Economy and Transportation
Valdez has one of the highest municipal tax bases in Alaska as the southern terminus and off-loading point of oil extracted from Prudhoe Bay on the North Slope. Four of the top ten employers in Valdez are directly connected to the oil terminus. Alyeska Pipeline Service Co. employs nearly 300 persons. Valdez is a major seaport, with a $48 million cargo and container facility. City, state, and federal agencies combined provide significant employment. 49 residents hold commercial fishing permits. Three fish processing plants operate in Valdez, including Peter Pan and Seahawk Seafoods. Valdez Fisheries Dev. Assoc. will open its year-round processing facility in October 2003. 7 cruise ships will dock in Valdez in 2004. Valdez is a Foreign Free Trade Zone.

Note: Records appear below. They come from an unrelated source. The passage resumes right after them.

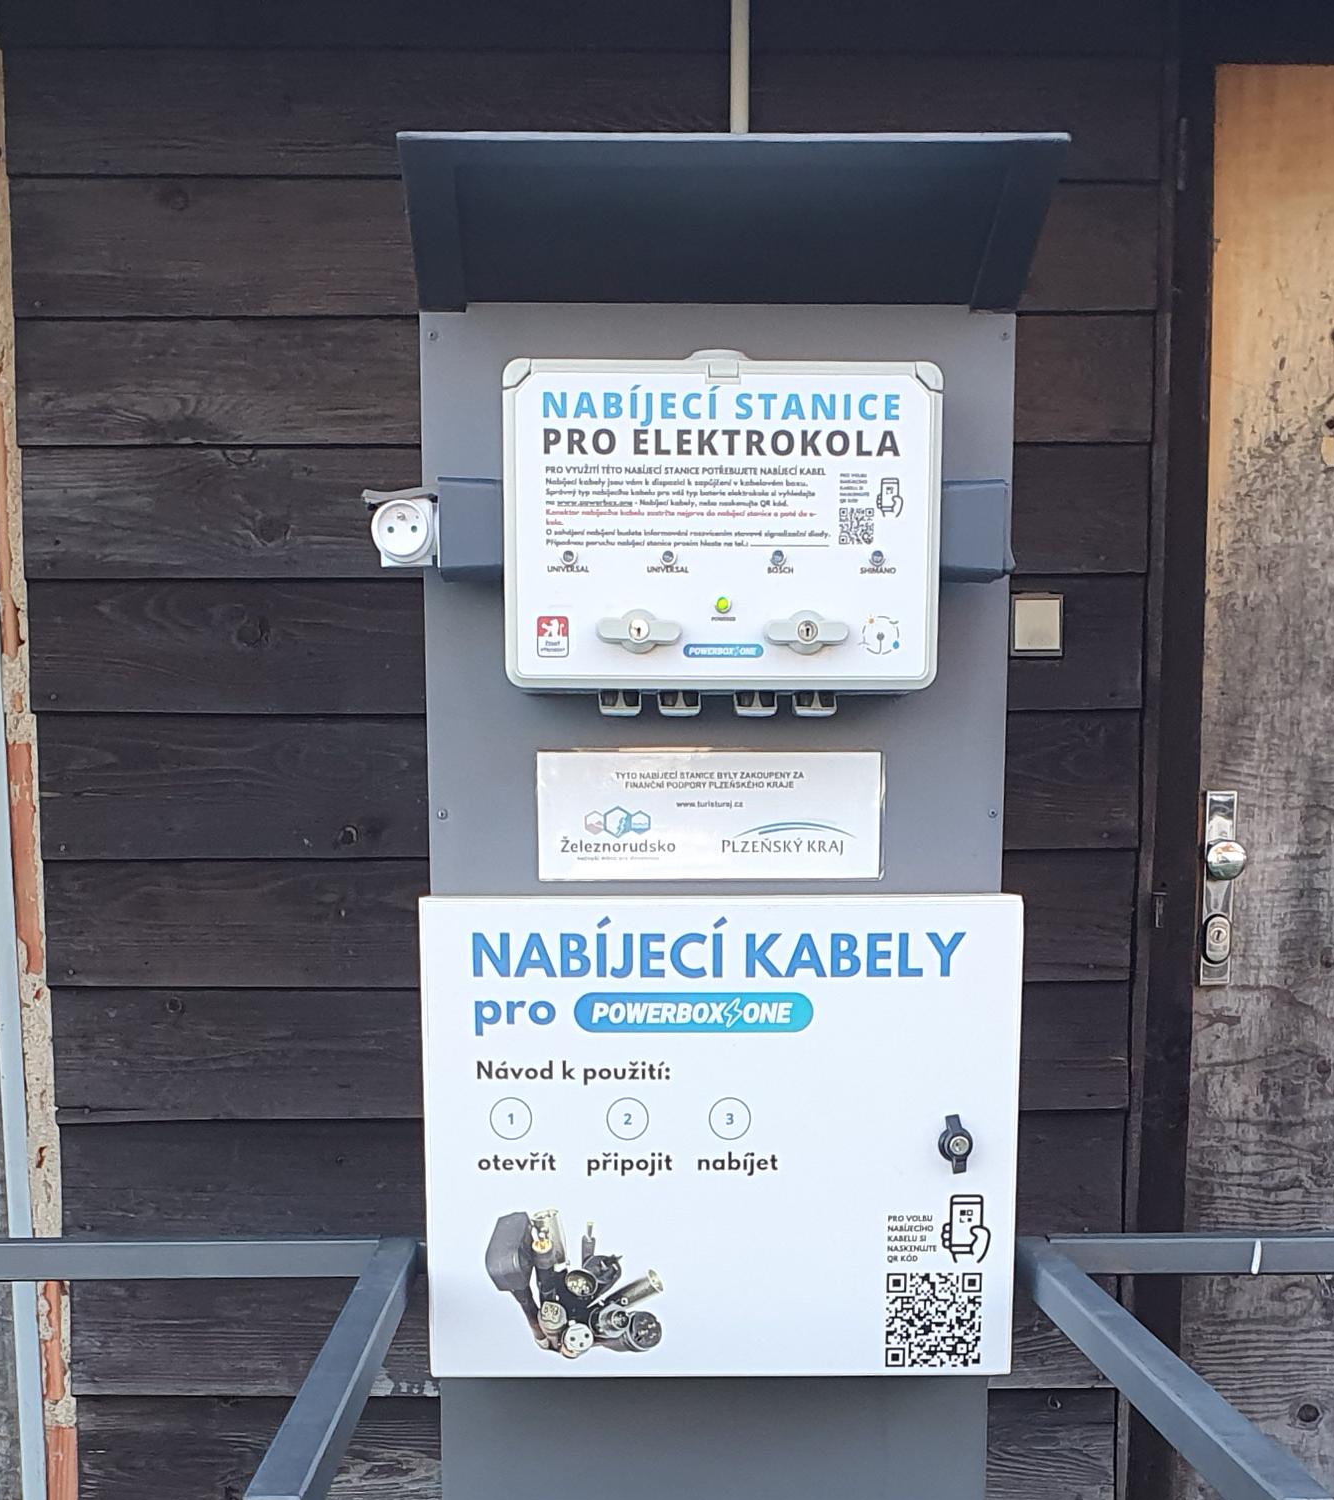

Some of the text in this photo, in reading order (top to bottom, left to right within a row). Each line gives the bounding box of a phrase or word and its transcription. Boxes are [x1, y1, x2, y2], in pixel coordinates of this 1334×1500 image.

[542, 384, 901, 427] NABÍJECÍ STANICE
[542, 428, 902, 457] PRO ELEKTROKOLA
[545, 464, 826, 476] PRO VYUŽITÍ TÉTO NABÍJECÍ STANICE POTŘEBUJETE NABÍJECÍ KABEL
[547, 565, 589, 573] UNIVERSAL
[647, 565, 689, 573] UNIVERSAL
[767, 566, 793, 574] BOSCH
[860, 566, 896, 574] SHIMANO
[639, 770, 677, 779] NABÍJECÍ
[717, 772, 738, 780] BYLY
[740, 771, 791, 779] ZAKOUPENY
[793, 771, 804, 779] ZA
[625, 781, 664, 789] FINANČNÍ
[709, 780, 764, 789] PLZEŇSKÉHO
[560, 836, 676, 853] Železnorudsko
[722, 838, 843, 856] PLZEŇSKÝ KRAJ
[471, 916, 967, 979] NABÍJECÍ KABELY
[474, 1000, 793, 1036] pro POWERBOX ONE
[477, 1060, 670, 1086] Návod k použití:
[507, 1112, 514, 1126] 1
[623, 1112, 633, 1126] 2
[725, 1112, 735, 1126] 3
[477, 1152, 557, 1172] otevřít
[586, 1152, 674, 1177] připojit
[697, 1151, 779, 1177] nabíjet
[887, 1223, 934, 1232] NABÍJECÍHO
[887, 1254, 918, 1263] QR KÓD
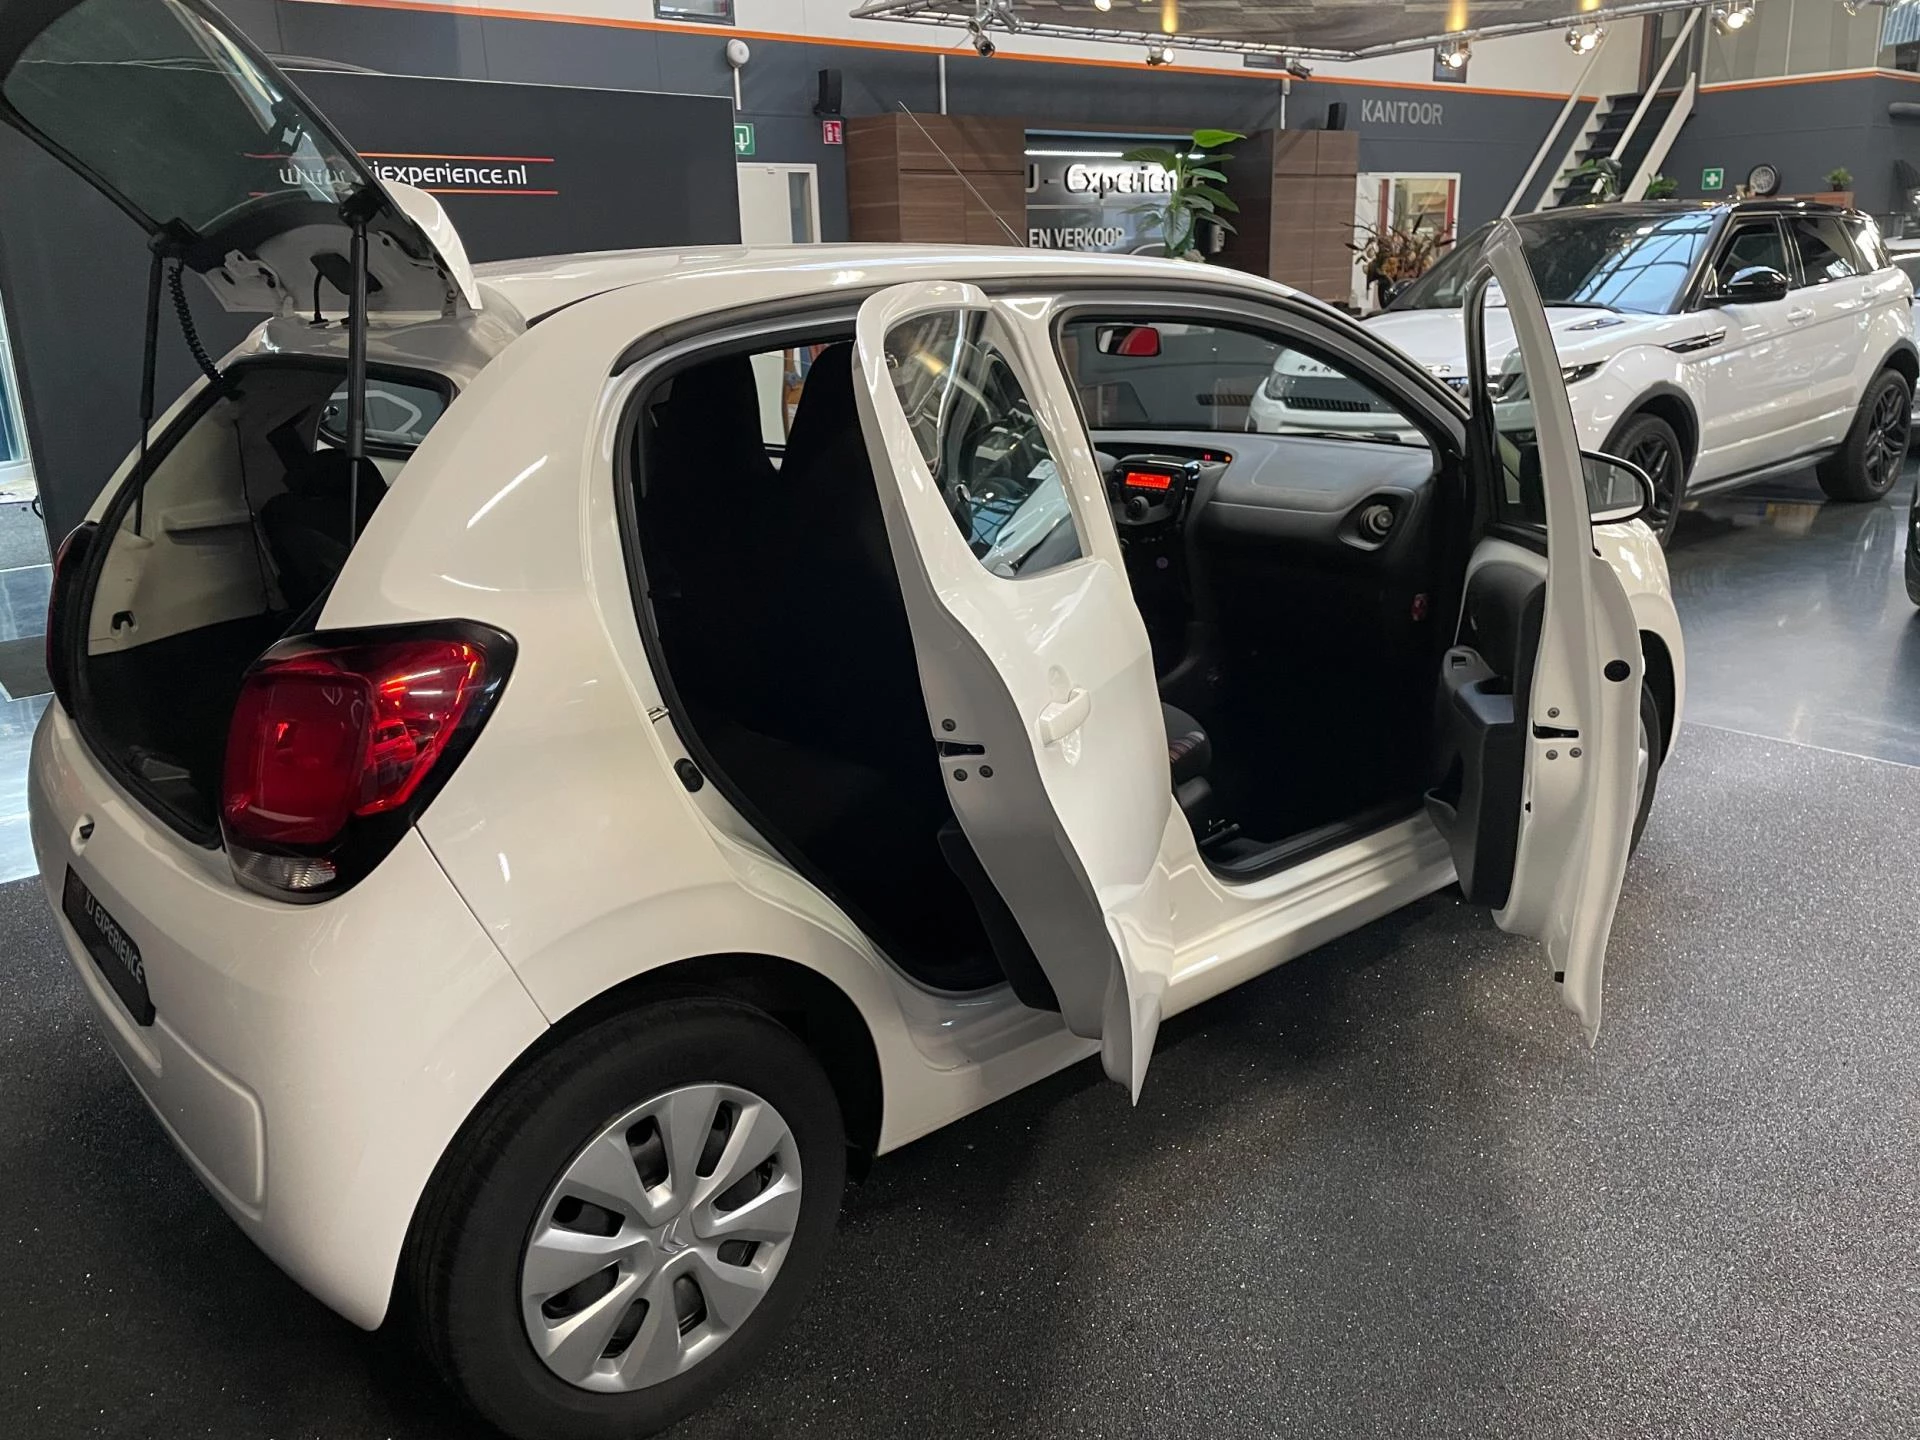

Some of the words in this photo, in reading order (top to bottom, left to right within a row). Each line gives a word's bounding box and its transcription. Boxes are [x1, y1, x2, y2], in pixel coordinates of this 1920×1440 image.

[1361, 99, 1443, 125] KANTOOR
[1028, 228, 1051, 248] EN
[1055, 227, 1125, 248] VERKOOP
[1297, 364, 1333, 374] RAN
[95, 905, 143, 984] EXPERIENCE

The Richardson Highway connects Valdez to Anchorage, Fairbanks and Canada. Port Valdez is ice-free year round and is navigated by hundreds of ocean-going oil cargo vessels each year. The State Ferry provides transport to Whittier, Cordova, Kodiak, Seward and Homer in the summer; Cordova only in the winter. Valdez has the largest floating concrete dock in the world, with a 1,200' front and water depth exceeding 80'. Numerous cargo and container facilities are present in Valdez. A small harbor accommodates 546 commercial fishing boats and recreational vessels. Boat launches and haul-out services are available. Both barges and trucking services deliver cargo to the City. The airport is operated by the state, with a 6,500' long by 150' wide paved runway, instrument landing system and control tower. A State-owned seaplane base is available at Robe Lake.